The plots obtained for 1/m_Lapp versus 1/[compound] are depicted in Fig. 4, which gave linear relationships with correlation coefficients ranging from 0.9950 to 0.9993 (Table 1). According to eqn (1), these results suggested that only a single type of binding site was responsible for the binding of the derivatives on the immobilized α_1A-AR. Table 2 summarizes the association constants of the compounds for α_1A-AR from frontal analysis. The affinity rank order of the nine compounds measured at 20 °C using frontal analysis was compound 3 > compound 4 > compound 6 > compound 5 > compound 2 > compound 1 > compound 7 > compound 8 > compound 9. This order was possible due to the variance in their structural properties.

Fig. 4 The plots of 1/m_Lapp versus 1/[compound] for the nine N-phenylpiperazine derivatives. ■, compound 1; □, compound 2; ●, compound 3; ○, compound 4; ▲, compound 5; ◆, compound 6; ◇, compound 7; ★, compound 8; ▼, compound 9. The experiments were performed at 20 °C.

Table 1 Regression equations of the curves from plotting 1/m_Lapp versus 1/[A] of the nine N-phenylpiperazine derivatives

Compound	Regression equation	Slope	Intercept	Correlation coefficient
1	1/mLapp = 0.42 × 10^−6/[Acom1] + 0.031	0.42	0.031	0.9977
2	1/mLapp = 0.46 × 10^−6/[Acom2] + 0.035	0.46	0.035	0.9981
3	1/mLapp = 0.25 × 10^−6/[Acom3] + 0.048	0.25	0.048	0.9993
4	1/mLapp = 0.39 × 10^−6/[Acom4] + 0.046	0.39	0.046	0.9966
5	1/mLapp = 0.47 × 10^−6/[Acom5] + 0.037	0.47	0.037	0.9983
6	1/mLapp = 0.34 × 10^−6/[Acom6] + 0.036	0.34	0.036	0.9984
7	1/mLapp = 0.64 × 10^−6/[Acom7] + 0.017	0.64	0.017	0.9981
8	1/mLapp = 0.66 × 10^−6/[Acom8] + 0.015	0.66	0.015	0.9950
9	1/mLapp = 0.58 × 10^−6/[Acom9] + 0.013	0.58	0.013	0.9969

---

Table 2 Calculation of the association constants of the N-phenylpiperazine derivatives binding to immobilized α_1A-AR

Compounds	Association constants (×10^5 M^−1)
	10 °C	20 °C	30 °C	37 °C	45 °C
1	0.80	0.74	0.66	0.62	0.58
2	0.82	0.76	0.68	0.64	0.59
3	2.04	1.92	1.76	1.68	1.59
4	1.29	1.18	1.05	0.98	0.92
5	0.84	0.79	0.75	0.71	0.68
6	1.12	1.05	0.98	0.95	0.92
7	0.32	0.27	0.23	0.21	0.19
8	0.26	0.23	0.21	0.19	0.18
9	0.25	0.22	0.19	0.17	0.16

---

A previous investigation using the pharmacophoric model⁴³ suggested that the three-dimensional structural properties of an ideal α₁-AR antagonist include the following: a positively ionizable group, corresponding to the more basic nitrogen atom of the aryl piperazine ring; an ortho or meta-substituted phenyl ring, both of which constitute the arylpiperazine system and satisfy three certain features of the pharmacophoric hypothesis; a polar group that provides a hydrogen bond acceptor feature, filling one of the portions of the pharmacophore that is required at the edge of the molecule opposite to the arylpiperazine moiety; and a hydrophobic moiety.

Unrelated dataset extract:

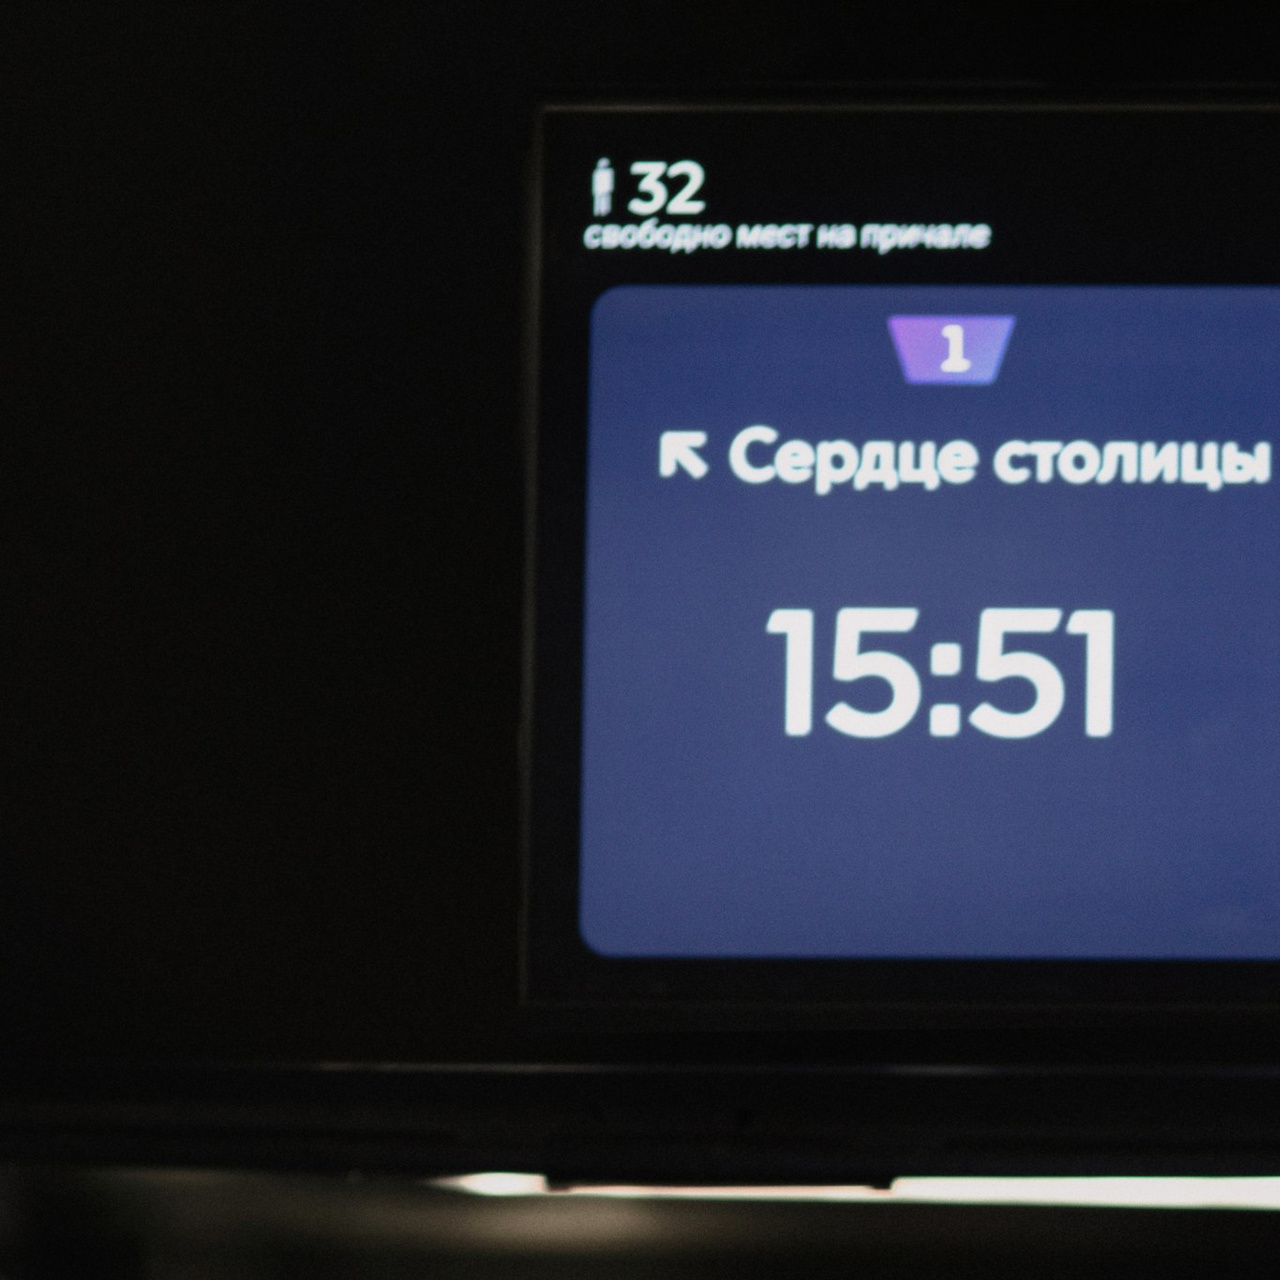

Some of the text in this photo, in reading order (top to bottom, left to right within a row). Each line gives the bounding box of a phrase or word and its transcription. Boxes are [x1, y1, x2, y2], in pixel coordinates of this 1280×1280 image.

The structures of compounds 7–9 only possessed a piperazine functional group and thus presented the approximate values of association constants which were far lower than the other six compounds. On the contrary, the structures of compounds 3–6 showed better agreement with these structural properties and as a result showed stronger affinity for α_1A-AR. Compound 9 presented the weakest affinity for the immobilized α_1A-AR due to it having little accord with the above-mentioned functional groups of ideal α_1A-AR ligands.

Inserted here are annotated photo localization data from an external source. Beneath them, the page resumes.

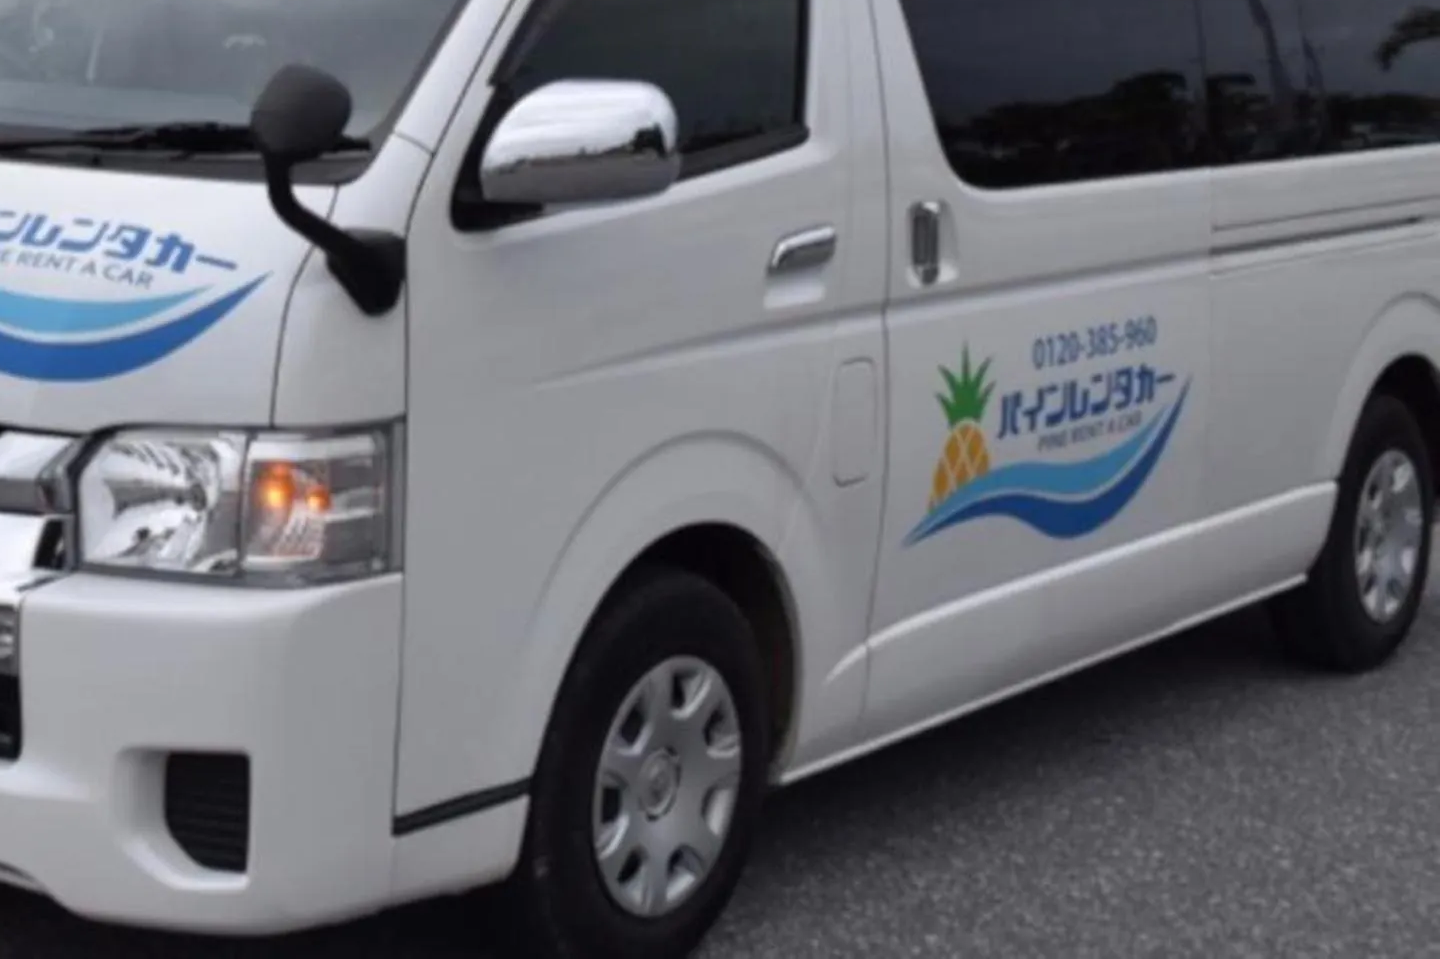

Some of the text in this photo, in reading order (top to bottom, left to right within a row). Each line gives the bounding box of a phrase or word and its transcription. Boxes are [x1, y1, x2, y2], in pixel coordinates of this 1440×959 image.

[16, 252, 77, 274] RENT
[79, 259, 98, 276] A
[101, 264, 156, 290] CAR
[1032, 314, 1158, 371] 0120-385-960
[997, 362, 1177, 440] パインレンタカー

Focusing on the cases of prazosin and terazosin, the association constants determined using frontal analysis presented good agreement with the data from the literature under similar experimental conditions.^21,44 This comparison was rational since eqn (1) indicates that the determination of association constants by frontal analysis is independent of the number of immobilized proteins in column. This indication was possible because the values of the association constants were calculated from the ratio of the intercept to the slope of the equation. This was advantageous for comparison of the K_A values from the α_1A-AR columns with that from the column having different densities of the receptor. It was also valuable when precise measurement of association constants was required under the conditions where the number of immobilized receptors or the binding capacity of the column gradually decreased over the time.

Thermodynamic studies

To verify the binding mechanism of the nine compounds to α_1A-AR predicted by molecular docking, the thermodynamic behaviors during the interactions were investigated using affinity chromatography. In this investigation, the binding of the compounds to α_1A-AR were considered to be driven by weak intermolecular forces including hydrogen bonds, van der Waal’s forces, electrostatic forces and hydrophobic interactions. Assuming an identical value for enthalpy change (ΔH^θ) during the interaction, calculations of the enthalpy change (ΔH^θ), the entropy change (ΔS^θ) and the Gibbs’ free energy change (ΔG^θ) could be followed using eqn (2) and (3):

ΔG^θ = ΔH^θ − TΔS^θ (3)

where ΔH^θ and ΔS^θ describe the enthalpy and entropy changes accounting for the binding process of the compounds to the receptor, R is the ideal gas law constant and T is the absolute temperature. Using the semi-empirical law reported by Ross et al.,⁴⁵ the type of force that drives the binding interaction can be determined from the thermodynamic parameters in eqn (2) and (3).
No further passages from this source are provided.